So who knows why the owner of that lock re-faced it.  There were, and are, a lot of shade tree gunsmiths roaming around muzzleloader shoots and rendezvous, so it may have been somebody’s attempt to “fix” a frizzen that really just needed to be properly heat treated, or it might have been done in the mistaken belief that after so many shots it needed to be done to keep it sparking good.

But like we said, a properly made and heat treated modern frizzen shouldn’t need to be refaced unless it is severely worn. But, having said that, I will direct you to the picture of a brand new lock that I did have to re-face because it just absolutely would not harden enough to spark. It’s a copy of an original Ketland that was produced in a small run some years ago. I got it through the Museum of the Fur Trade in kit form (basically a box of castings). I don’t know what kind of steel it was made from, but it just absolutely would not give a spark until that frizzen was re-faced with a piece of high carbon steel. Dale Johnson re-faced it for me using a piece of steel out of a big sawmill band saw blade (you can contact him at 610 Swimming Pool Road, Hampton, TN 37658). It works just fine now.

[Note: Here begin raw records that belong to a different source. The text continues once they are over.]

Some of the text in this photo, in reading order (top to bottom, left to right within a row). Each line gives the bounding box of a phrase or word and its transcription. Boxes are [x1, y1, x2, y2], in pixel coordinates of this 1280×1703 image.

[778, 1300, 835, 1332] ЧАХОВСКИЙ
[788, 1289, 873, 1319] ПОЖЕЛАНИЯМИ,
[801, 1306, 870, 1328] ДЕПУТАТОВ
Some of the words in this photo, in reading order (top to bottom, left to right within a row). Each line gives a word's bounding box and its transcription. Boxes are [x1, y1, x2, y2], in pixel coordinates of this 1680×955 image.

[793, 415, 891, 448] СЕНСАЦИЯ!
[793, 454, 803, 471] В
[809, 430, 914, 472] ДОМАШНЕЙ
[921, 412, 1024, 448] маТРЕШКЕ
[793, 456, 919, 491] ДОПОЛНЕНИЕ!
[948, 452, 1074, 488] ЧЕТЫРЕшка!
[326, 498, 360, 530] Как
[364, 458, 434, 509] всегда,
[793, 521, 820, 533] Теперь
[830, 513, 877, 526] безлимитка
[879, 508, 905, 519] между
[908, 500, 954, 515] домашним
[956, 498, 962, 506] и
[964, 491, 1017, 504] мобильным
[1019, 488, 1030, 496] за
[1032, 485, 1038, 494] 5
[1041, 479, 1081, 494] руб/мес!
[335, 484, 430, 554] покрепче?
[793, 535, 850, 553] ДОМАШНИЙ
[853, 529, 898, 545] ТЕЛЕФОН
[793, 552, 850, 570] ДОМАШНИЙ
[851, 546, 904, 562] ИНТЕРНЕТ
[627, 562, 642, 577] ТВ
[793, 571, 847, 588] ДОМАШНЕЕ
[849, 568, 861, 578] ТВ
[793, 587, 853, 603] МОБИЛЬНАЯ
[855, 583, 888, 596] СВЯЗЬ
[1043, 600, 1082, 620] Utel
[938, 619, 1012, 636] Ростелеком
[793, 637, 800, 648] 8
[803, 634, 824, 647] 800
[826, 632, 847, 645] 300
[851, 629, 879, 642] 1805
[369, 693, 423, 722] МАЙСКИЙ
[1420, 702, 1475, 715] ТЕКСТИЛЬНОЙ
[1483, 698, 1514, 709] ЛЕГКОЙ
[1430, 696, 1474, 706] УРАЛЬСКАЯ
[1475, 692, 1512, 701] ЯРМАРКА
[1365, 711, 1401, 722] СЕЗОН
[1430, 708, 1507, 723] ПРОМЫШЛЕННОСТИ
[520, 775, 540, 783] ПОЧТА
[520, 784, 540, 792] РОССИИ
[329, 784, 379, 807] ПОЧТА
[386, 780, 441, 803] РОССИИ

Bevel Down:  If you have a lock that you suspect has one of these depleted uranium frizzen faces installed on it, you can find the radiation control agency for your state by going to the website of the Conference of Radiation Control Program Directors at https://www.crcpd.org/mpage/Map.  They should be able to help you get it tested and dispose of it properly if it turns out to be radioactive.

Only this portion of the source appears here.